Could you output the entries that follow exactly, omitting any pictures they contain?

Image-backed grounding data:
━━━━━━━━━━

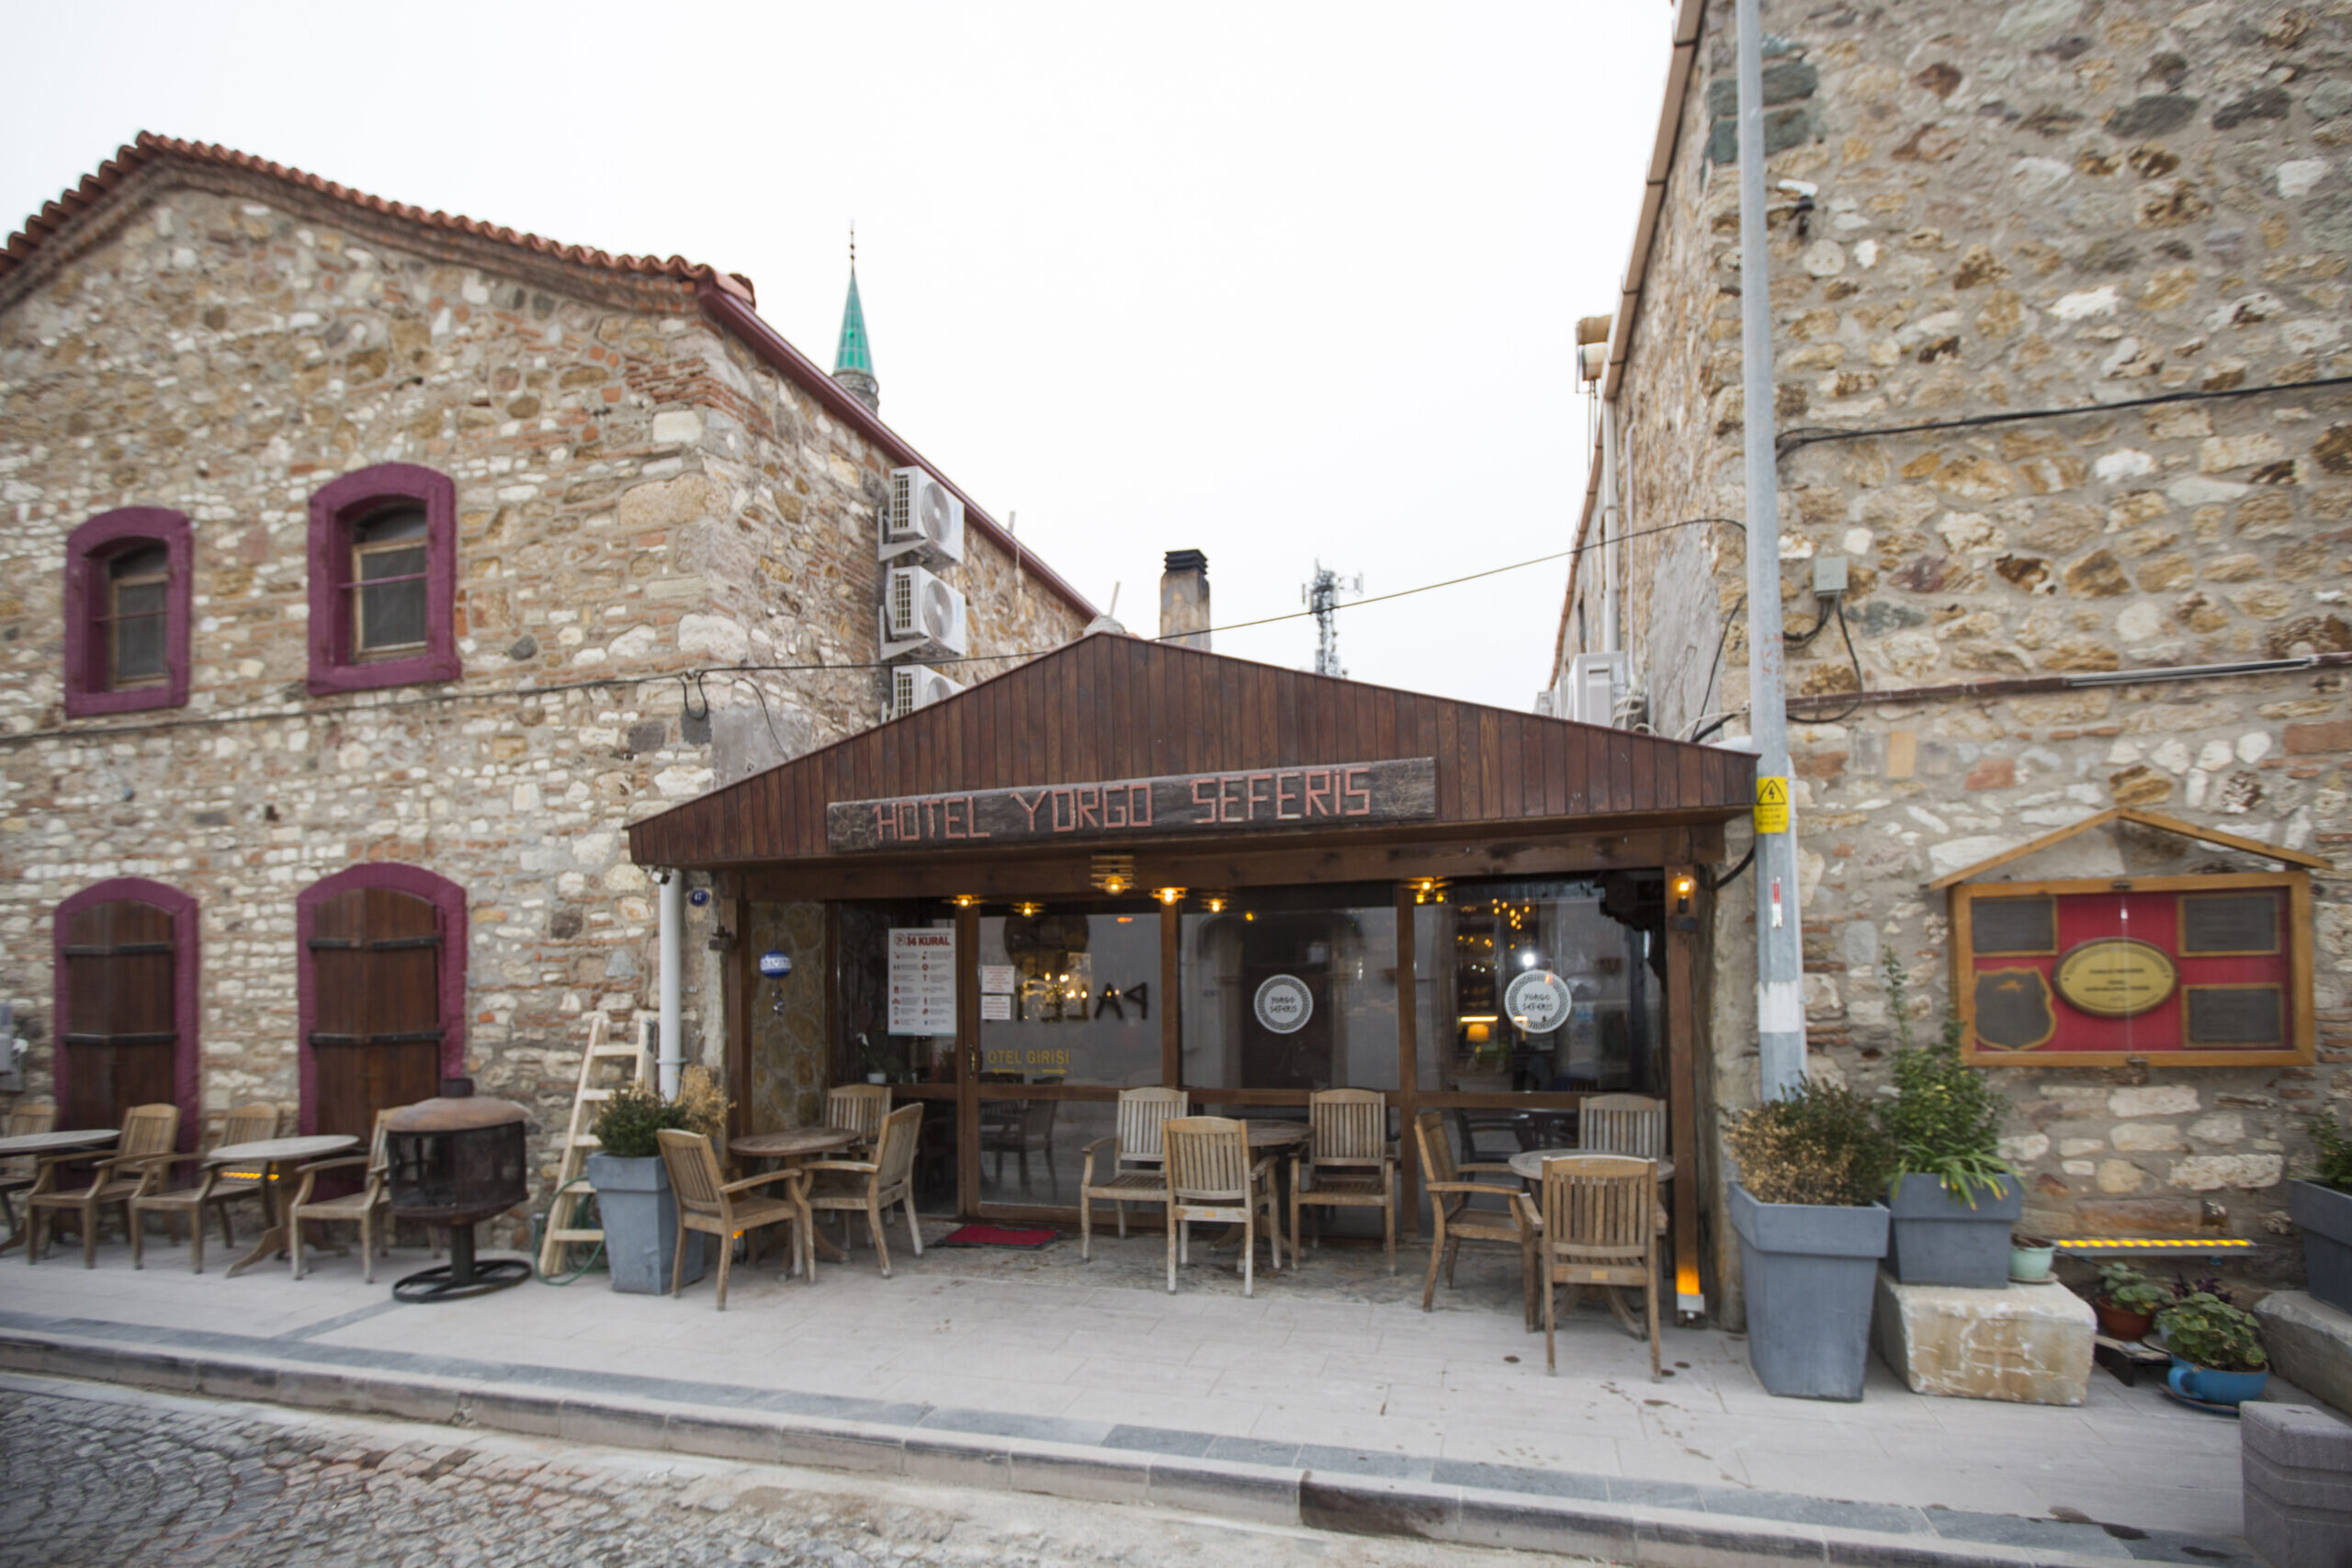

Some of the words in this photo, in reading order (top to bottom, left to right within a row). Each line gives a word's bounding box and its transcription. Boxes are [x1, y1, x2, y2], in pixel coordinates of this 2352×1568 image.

[872, 795, 991, 841] HOTEL
[1010, 784, 1153, 834] YORGO
[906, 936, 917, 947] 14
[919, 935, 951, 946] KURAL
[987, 1050, 1023, 1065] OTEL
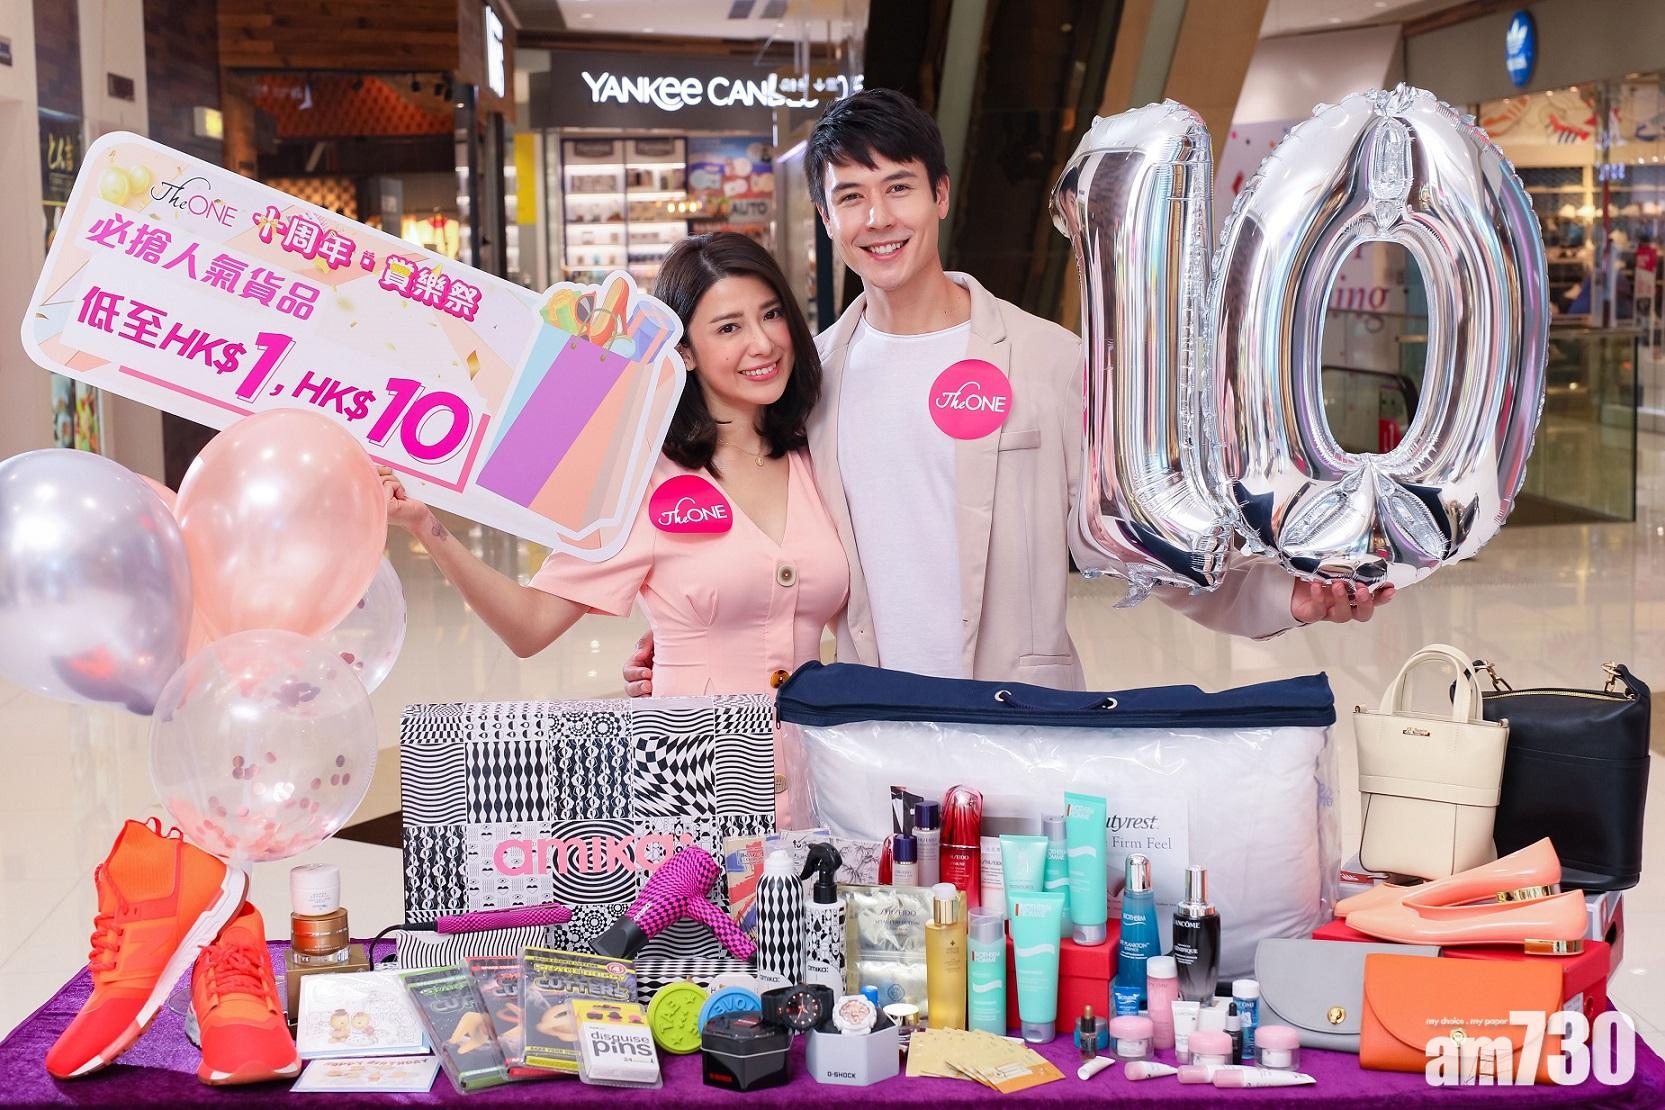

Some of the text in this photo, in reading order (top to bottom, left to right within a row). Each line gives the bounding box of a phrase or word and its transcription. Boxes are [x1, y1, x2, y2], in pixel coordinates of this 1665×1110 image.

[85, 212, 321, 321] 必搶人氣貨品
[252, 205, 483, 323] 十周年 賞樂祭
[1112, 835, 1173, 850] Firm Feel
[593, 1039, 653, 1057] pins
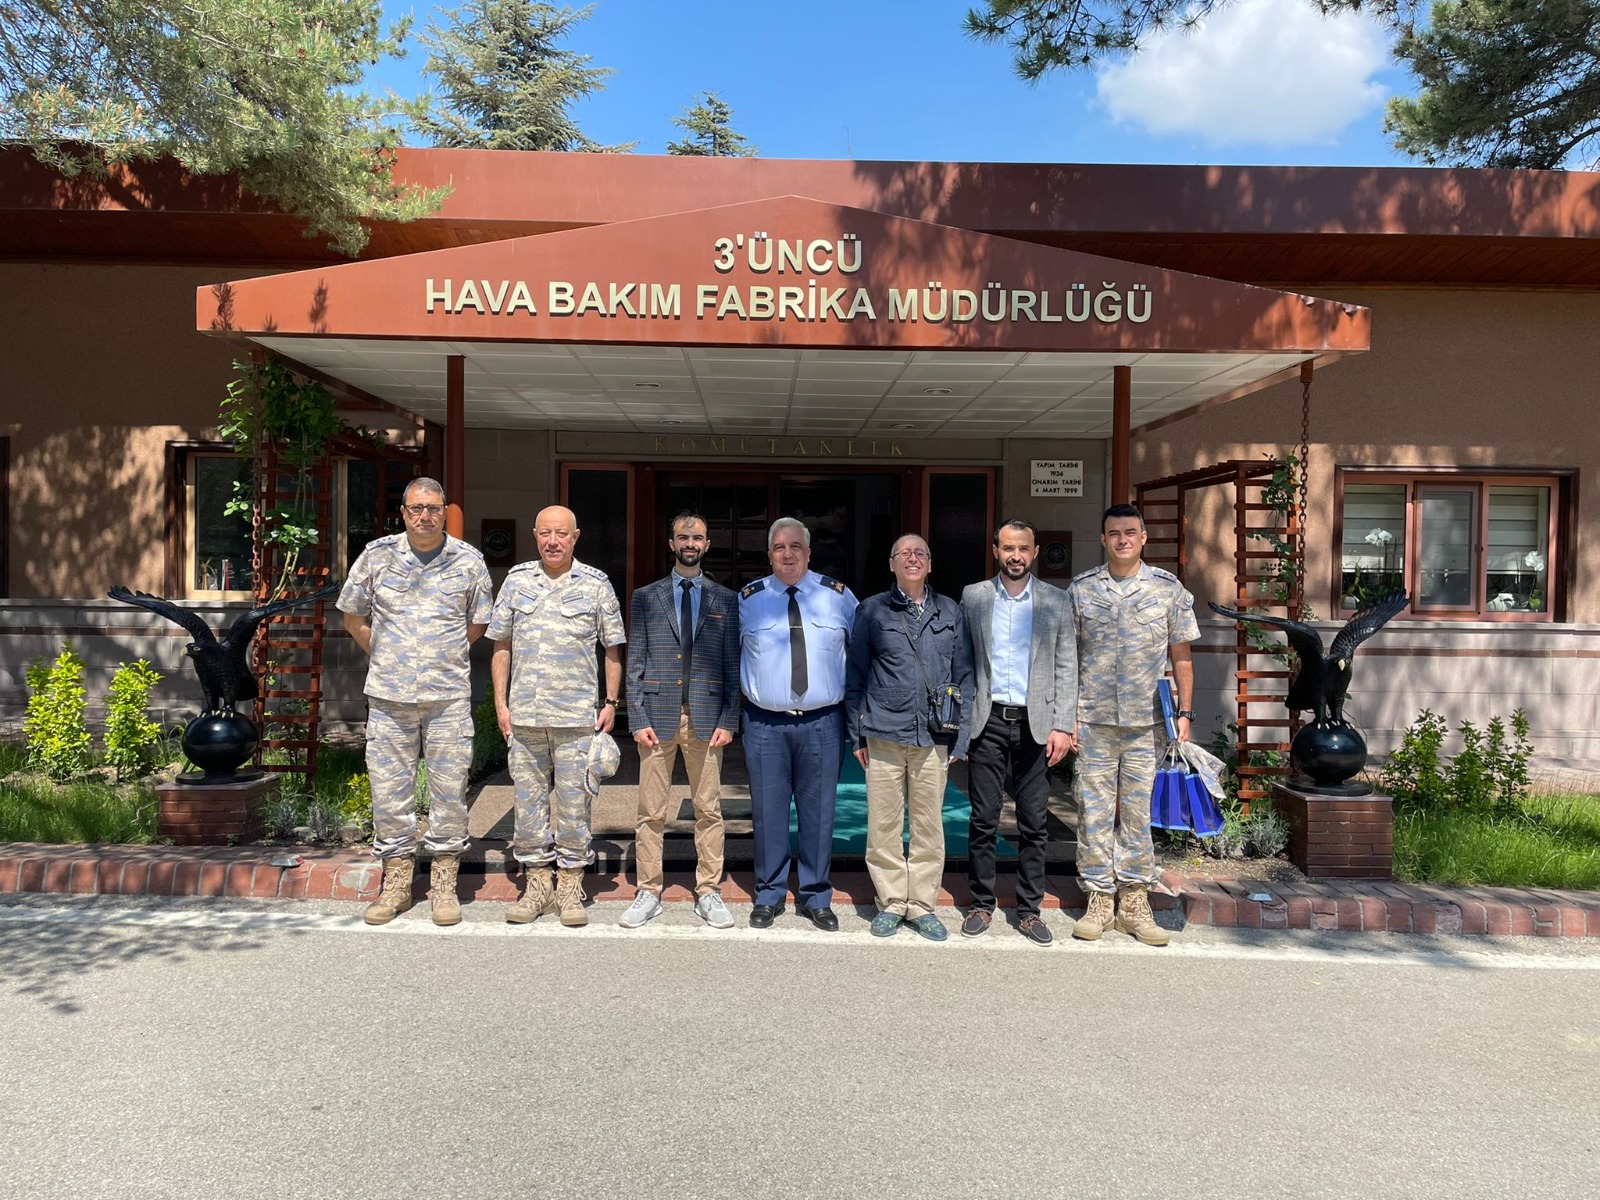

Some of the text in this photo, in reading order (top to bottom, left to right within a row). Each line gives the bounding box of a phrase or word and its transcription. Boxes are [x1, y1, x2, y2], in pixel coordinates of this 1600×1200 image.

━━━━━━━━━━

| ANSWER BELOW |
Some of the words in this photo, in reading order (top to bottom, left to right within a row). Each line gives a word's bounding box and its transcription. Boxes are [x1, y1, x2, y2], in pixel coordinates of this 2352×1568 image.

[872, 795, 991, 841] HOTEL
[1010, 784, 1153, 834] YORGO
[906, 936, 917, 947] 14
[919, 935, 951, 946] KURAL
[987, 1050, 1023, 1065] OTEL

Some of the text in this photo, in reading order (top to bottom, left to right within a row). Each line gives the bounding box of a phrase or word and its transcription. Boxes are [x1, y1, x2, y2], in pixel coordinates of this 1665×1110 image.

[85, 212, 321, 321] 必搶人氣貨品
[252, 205, 483, 323] 十周年 賞樂祭
[1112, 835, 1173, 850] Firm Feel
[593, 1039, 653, 1057] pins

Some of the text in this photo, in reading order (top to bottom, left to right within a row). Each line gives the bounding box of a phrase or word and its transcription. Boxes are [x1, y1, x2, y2], in pixel coordinates of this 1600×1200 image.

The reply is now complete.